= Problem to solve =
Look below for the line with "this 2350×1568 image.", and from there restate every line word for word until the entries end.

[Stored data]
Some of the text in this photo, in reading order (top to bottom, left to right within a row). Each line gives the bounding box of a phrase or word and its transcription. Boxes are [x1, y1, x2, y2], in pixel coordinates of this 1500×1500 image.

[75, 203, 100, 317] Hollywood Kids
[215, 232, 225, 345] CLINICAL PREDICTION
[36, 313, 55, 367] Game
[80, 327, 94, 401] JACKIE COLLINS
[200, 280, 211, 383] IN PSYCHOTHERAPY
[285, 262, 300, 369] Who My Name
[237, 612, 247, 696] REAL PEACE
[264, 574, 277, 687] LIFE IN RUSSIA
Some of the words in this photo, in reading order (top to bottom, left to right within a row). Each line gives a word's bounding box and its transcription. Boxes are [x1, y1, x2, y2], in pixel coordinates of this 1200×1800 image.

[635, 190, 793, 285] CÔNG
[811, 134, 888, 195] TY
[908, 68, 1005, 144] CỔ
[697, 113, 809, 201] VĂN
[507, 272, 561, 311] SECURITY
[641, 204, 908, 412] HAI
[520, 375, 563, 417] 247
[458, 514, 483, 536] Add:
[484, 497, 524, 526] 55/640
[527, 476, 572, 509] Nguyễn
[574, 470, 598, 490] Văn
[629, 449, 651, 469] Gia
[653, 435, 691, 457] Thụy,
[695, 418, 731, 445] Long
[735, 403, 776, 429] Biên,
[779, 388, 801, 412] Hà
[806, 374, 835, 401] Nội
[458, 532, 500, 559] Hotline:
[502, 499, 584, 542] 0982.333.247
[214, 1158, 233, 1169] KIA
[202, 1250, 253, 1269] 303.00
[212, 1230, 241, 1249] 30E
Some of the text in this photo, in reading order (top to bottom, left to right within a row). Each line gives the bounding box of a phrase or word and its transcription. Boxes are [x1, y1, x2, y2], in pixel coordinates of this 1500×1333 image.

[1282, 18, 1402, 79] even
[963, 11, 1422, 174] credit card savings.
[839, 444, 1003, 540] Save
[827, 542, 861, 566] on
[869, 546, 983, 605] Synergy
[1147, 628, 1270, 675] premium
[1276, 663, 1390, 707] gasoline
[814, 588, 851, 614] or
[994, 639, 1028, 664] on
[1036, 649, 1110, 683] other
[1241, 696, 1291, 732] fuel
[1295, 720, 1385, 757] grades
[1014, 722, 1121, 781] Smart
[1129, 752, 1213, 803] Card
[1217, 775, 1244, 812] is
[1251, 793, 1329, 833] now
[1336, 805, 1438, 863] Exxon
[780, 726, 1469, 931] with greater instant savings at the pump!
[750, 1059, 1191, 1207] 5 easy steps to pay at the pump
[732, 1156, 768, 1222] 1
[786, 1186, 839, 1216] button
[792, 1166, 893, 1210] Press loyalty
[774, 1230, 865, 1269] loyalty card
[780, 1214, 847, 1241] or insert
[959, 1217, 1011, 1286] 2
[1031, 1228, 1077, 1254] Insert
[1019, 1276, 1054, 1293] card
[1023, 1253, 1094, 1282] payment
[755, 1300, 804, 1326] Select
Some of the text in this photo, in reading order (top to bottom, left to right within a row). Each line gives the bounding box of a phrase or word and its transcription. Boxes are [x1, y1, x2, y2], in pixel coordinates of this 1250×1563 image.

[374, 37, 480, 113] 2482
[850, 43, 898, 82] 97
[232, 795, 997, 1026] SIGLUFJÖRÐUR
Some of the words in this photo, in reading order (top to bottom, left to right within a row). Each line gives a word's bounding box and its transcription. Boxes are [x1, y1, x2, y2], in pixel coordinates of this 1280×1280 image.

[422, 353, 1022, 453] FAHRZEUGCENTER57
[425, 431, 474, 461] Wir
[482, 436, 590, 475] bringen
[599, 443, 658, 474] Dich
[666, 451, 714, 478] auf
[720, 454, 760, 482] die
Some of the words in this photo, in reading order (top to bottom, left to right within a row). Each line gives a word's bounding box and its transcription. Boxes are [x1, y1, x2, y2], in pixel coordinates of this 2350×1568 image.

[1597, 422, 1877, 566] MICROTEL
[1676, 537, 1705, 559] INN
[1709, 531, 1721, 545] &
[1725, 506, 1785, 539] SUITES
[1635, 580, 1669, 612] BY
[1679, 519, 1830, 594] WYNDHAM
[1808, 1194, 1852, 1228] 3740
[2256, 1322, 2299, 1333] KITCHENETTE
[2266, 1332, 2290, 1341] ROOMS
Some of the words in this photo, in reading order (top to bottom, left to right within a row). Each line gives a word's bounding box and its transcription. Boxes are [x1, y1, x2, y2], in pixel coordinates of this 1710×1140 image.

= Your solution =
Some of the words in this photo, in reading order (top to bottom, left to right within a row). Each line gives a word's bounding box and its transcription. Boxes are [x1, y1, x2, y2], in pixel coordinates of this 2350×1568 image.

[1597, 422, 1877, 566] MICROTEL
[1676, 537, 1705, 559] INN
[1709, 531, 1721, 545] &
[1725, 506, 1785, 539] SUITES
[1635, 580, 1669, 612] BY
[1679, 519, 1830, 594] WYNDHAM
[1808, 1194, 1852, 1228] 3740
[2256, 1322, 2299, 1333] KITCHENETTE
[2266, 1332, 2290, 1341] ROOMS
Some of the words in this photo, in reading order (top to bottom, left to right within a row). Each line gives a word's bounding box and its transcription. Boxes are [x1, y1, x2, y2], in pixel coordinates of this 1710×1140 image.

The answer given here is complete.